### Assignment
Only the line containing "Some of the words" and the lines after it, through the end of the entries, should be output exactly.

Text-to-region grounding data
* * * *
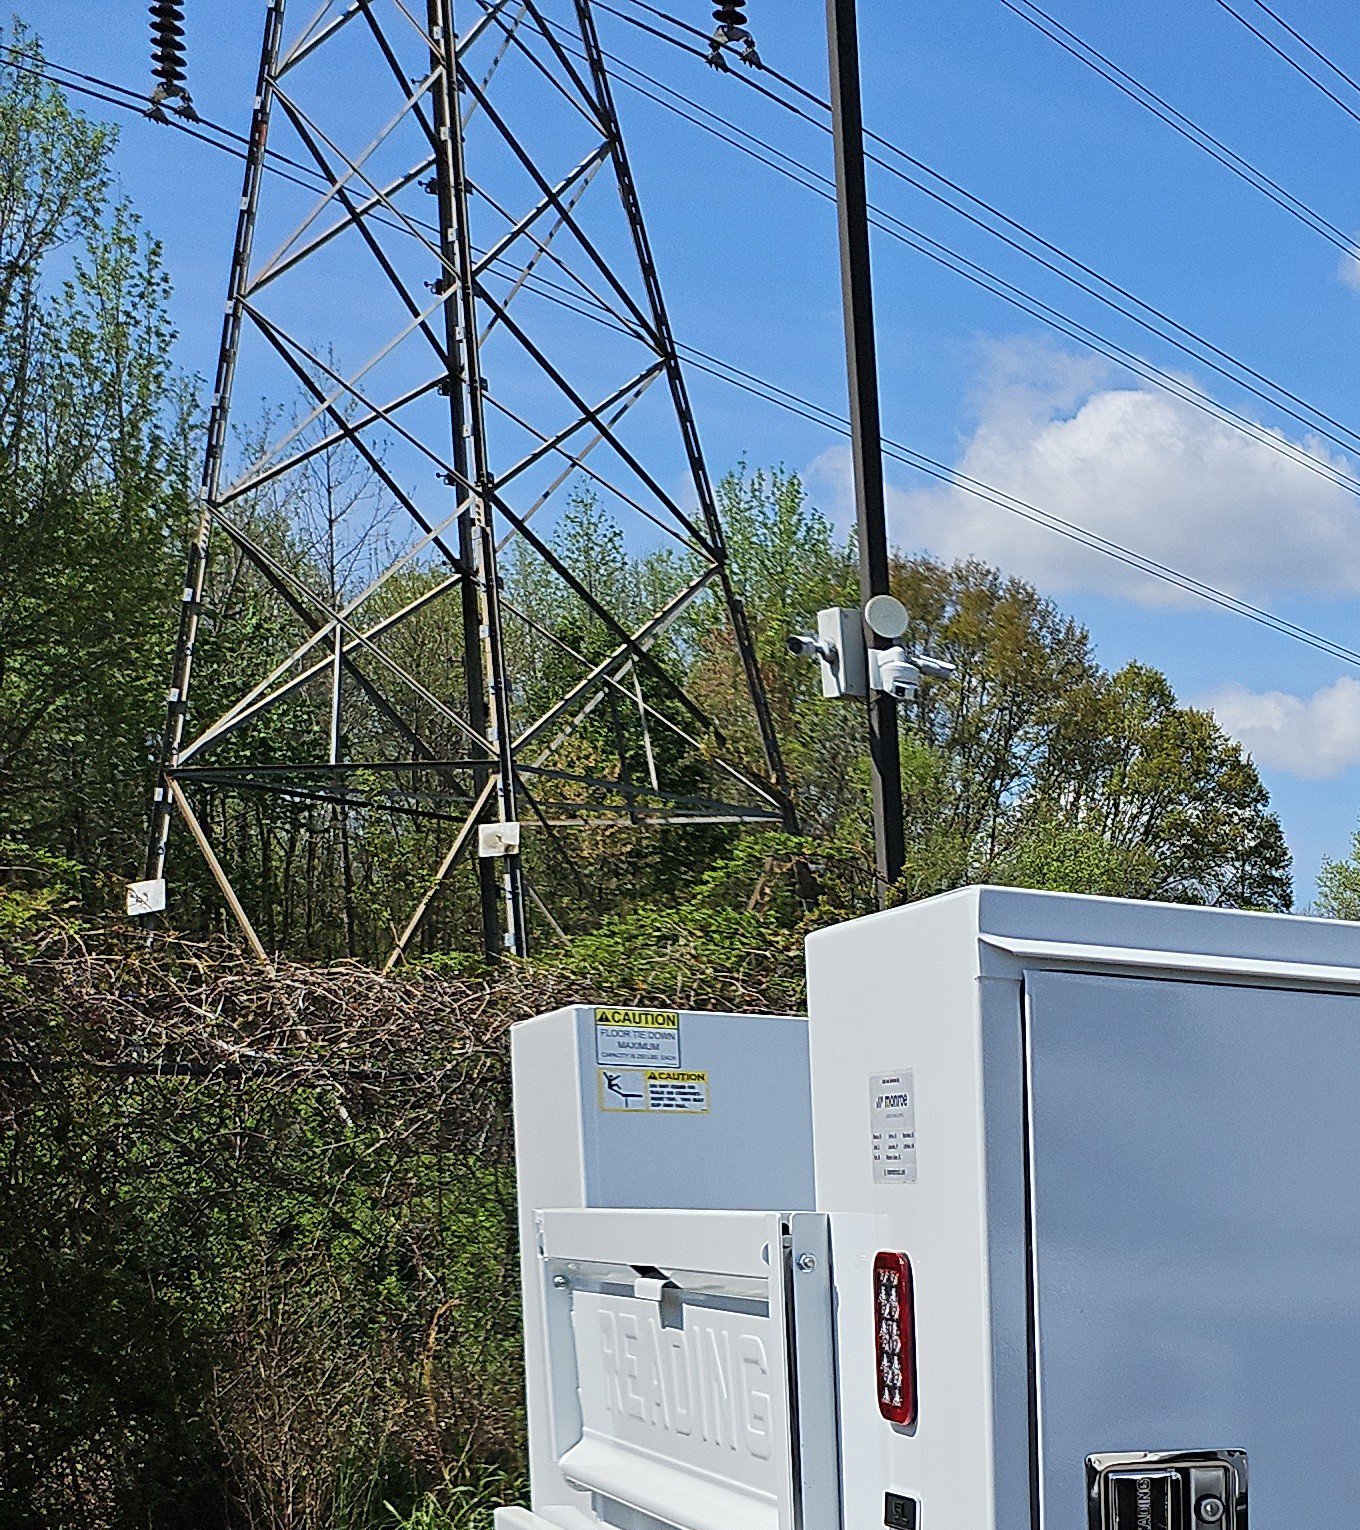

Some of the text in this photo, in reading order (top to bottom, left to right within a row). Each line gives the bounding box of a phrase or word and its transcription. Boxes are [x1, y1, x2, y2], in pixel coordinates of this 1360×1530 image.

[611, 1011, 676, 1026] CAUTION
[600, 1028, 676, 1040] FLOOR TIE DOWN
[658, 1072, 706, 1081] CAUTION
[598, 1309, 775, 1461] READING
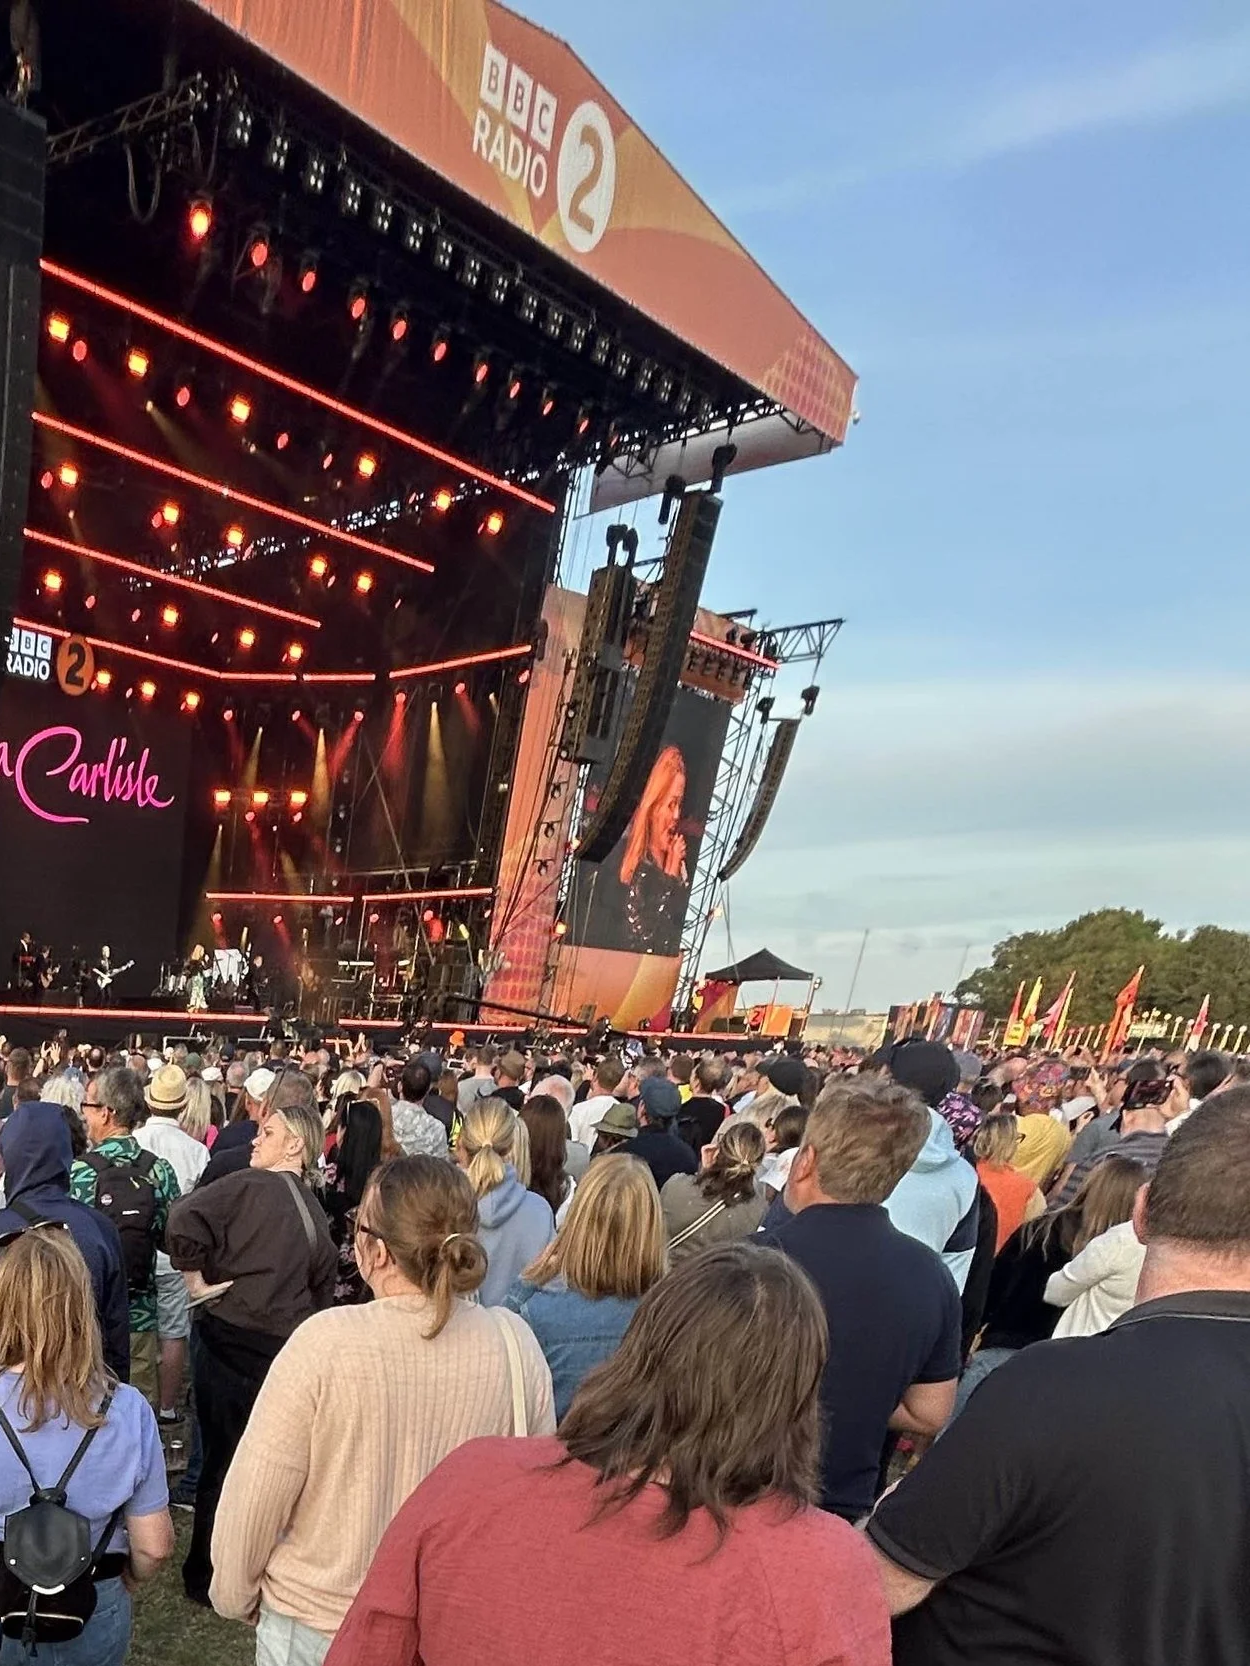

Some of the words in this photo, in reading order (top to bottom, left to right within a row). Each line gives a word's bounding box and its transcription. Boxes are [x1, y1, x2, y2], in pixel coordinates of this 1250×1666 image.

[479, 41, 558, 152] BBC
[472, 109, 548, 198] RADIO
[568, 123, 604, 235] 2
[65, 642, 86, 688] 2
[15, 725, 175, 824] Carlisle
* * * *
### Result of the exercise
Some of the words in this photo, in reading order (top to bottom, left to right within a row). Each line gives a word's bounding box and its transcription. Boxes are [x1, y1, x2, y2], in pixel coordinates of this 1250×1666 image.

[479, 41, 558, 152] BBC
[472, 109, 548, 198] RADIO
[568, 123, 604, 235] 2
[65, 642, 86, 688] 2
[15, 725, 175, 824] Carlisle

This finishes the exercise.